* _ASSIGNMENT_:
All lines ahead of the one containing "this 1768×1150 image." are to be left out; that line and each one after it, through the end of the records below, are to be duplicated exactly.

* _Text-to-region grounding data_:
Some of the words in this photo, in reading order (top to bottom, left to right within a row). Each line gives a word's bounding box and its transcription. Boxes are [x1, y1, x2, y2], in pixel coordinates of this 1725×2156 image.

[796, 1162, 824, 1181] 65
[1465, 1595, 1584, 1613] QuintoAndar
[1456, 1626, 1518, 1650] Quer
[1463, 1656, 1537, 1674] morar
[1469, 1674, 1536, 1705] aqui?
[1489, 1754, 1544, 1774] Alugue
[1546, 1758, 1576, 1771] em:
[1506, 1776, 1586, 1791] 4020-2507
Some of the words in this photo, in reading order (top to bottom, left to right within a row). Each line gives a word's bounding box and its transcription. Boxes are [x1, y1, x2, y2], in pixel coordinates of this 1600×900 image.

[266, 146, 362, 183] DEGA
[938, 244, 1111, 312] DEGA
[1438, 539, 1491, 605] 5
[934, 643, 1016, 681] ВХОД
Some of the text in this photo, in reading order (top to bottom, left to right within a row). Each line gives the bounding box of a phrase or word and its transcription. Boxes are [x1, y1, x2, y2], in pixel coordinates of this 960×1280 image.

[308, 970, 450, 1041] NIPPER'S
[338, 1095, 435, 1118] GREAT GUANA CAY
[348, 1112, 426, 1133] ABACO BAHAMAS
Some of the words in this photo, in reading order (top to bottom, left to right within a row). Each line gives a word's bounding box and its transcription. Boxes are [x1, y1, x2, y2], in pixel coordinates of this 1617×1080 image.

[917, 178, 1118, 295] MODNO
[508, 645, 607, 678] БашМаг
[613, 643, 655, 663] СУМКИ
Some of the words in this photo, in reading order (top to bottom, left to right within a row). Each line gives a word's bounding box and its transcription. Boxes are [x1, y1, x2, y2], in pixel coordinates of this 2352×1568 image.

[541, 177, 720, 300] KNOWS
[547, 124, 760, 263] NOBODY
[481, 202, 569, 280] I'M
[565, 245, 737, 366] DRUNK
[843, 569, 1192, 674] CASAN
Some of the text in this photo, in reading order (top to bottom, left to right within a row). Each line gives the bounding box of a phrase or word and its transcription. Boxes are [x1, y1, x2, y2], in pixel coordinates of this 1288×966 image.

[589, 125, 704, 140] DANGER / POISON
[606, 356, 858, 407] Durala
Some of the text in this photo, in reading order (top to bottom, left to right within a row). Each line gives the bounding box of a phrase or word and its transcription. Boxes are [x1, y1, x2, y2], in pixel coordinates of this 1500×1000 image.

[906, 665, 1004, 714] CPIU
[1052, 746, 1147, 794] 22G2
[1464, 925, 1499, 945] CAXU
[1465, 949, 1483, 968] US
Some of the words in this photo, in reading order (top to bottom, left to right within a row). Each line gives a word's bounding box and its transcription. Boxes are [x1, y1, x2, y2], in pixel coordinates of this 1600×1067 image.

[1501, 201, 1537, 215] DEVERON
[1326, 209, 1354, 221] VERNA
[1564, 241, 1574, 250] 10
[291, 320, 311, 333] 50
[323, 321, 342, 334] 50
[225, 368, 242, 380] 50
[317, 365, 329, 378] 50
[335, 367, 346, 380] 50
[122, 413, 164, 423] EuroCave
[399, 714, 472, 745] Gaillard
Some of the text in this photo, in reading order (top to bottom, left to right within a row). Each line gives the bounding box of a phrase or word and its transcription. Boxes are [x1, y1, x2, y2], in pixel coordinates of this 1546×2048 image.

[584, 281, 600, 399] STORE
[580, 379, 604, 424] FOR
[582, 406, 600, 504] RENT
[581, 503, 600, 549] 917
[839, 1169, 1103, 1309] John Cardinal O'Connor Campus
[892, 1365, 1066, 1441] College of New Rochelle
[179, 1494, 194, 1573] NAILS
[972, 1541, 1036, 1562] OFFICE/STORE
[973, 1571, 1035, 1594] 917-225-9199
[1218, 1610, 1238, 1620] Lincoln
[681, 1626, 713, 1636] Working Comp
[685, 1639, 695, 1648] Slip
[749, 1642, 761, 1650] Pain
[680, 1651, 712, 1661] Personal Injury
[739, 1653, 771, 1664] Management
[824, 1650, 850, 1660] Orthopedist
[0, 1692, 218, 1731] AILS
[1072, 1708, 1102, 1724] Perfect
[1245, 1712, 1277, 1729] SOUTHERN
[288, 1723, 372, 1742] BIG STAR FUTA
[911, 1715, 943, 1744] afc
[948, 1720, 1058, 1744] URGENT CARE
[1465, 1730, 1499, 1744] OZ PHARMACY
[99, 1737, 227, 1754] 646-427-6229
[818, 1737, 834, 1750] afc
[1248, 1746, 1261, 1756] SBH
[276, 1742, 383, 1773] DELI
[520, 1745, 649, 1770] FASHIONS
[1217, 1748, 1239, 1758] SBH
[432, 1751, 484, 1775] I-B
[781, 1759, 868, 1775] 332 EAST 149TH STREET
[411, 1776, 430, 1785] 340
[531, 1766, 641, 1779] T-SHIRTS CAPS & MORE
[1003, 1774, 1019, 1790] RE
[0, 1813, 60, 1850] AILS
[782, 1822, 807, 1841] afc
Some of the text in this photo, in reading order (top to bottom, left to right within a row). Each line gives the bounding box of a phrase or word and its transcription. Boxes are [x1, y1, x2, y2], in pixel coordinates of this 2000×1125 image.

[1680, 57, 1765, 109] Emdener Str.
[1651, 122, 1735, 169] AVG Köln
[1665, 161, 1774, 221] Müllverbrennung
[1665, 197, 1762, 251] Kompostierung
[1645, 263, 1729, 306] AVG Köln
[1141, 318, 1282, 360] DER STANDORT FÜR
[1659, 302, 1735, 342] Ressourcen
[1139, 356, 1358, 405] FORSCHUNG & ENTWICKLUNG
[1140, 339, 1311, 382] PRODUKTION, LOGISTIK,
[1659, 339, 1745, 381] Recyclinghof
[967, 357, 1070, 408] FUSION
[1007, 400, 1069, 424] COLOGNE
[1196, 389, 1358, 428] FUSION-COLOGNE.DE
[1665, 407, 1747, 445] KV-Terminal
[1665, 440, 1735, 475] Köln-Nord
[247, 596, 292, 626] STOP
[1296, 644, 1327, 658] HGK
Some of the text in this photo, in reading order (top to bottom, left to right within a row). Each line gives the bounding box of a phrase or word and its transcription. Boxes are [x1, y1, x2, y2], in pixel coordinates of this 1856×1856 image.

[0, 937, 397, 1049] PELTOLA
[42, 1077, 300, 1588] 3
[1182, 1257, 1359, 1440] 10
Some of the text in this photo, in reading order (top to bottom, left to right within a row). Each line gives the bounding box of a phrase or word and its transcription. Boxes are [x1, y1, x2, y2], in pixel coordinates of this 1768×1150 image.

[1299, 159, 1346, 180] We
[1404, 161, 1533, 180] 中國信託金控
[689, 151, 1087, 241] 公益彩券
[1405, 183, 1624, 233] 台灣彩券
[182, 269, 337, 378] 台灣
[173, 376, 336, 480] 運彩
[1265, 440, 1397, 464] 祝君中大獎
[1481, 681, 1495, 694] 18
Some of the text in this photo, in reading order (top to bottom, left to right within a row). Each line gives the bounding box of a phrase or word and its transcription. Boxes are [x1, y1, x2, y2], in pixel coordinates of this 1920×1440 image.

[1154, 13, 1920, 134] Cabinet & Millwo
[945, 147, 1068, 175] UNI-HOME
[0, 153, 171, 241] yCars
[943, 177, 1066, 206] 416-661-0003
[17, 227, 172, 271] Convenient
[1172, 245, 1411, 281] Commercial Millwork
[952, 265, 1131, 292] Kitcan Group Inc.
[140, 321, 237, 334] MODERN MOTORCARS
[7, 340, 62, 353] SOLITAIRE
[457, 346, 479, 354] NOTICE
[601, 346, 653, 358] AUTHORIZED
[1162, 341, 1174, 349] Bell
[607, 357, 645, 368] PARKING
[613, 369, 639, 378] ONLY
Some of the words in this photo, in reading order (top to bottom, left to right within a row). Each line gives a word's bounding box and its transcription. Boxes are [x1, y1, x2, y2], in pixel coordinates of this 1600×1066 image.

* _REPLY_:
Some of the text in this photo, in reading order (top to bottom, left to right within a row). Each line gives the bounding box of a phrase or word and its transcription. Boxes are [x1, y1, x2, y2], in pixel coordinates of this 1768×1150 image.

[1299, 159, 1346, 180] We
[1404, 161, 1533, 180] 中國信託金控
[689, 151, 1087, 241] 公益彩券
[1405, 183, 1624, 233] 台灣彩券
[182, 269, 337, 378] 台灣
[173, 376, 336, 480] 運彩
[1265, 440, 1397, 464] 祝君中大獎
[1481, 681, 1495, 694] 18
Some of the text in this photo, in reading order (top to bottom, left to right within a row). Each line gives the bounding box of a phrase or word and its transcription. Boxes are [x1, y1, x2, y2], in pixel coordinates of this 1920×1440 image.

[1154, 13, 1920, 134] Cabinet & Millwo
[945, 147, 1068, 175] UNI-HOME
[0, 153, 171, 241] yCars
[943, 177, 1066, 206] 416-661-0003
[17, 227, 172, 271] Convenient
[1172, 245, 1411, 281] Commercial Millwork
[952, 265, 1131, 292] Kitcan Group Inc.
[140, 321, 237, 334] MODERN MOTORCARS
[7, 340, 62, 353] SOLITAIRE
[457, 346, 479, 354] NOTICE
[601, 346, 653, 358] AUTHORIZED
[1162, 341, 1174, 349] Bell
[607, 357, 645, 368] PARKING
[613, 369, 639, 378] ONLY
Some of the words in this photo, in reading order (top to bottom, left to right within a row). Each line gives a word's bounding box and its transcription. Boxes are [x1, y1, x2, y2], in pixel coordinates of this 1600×1066 image.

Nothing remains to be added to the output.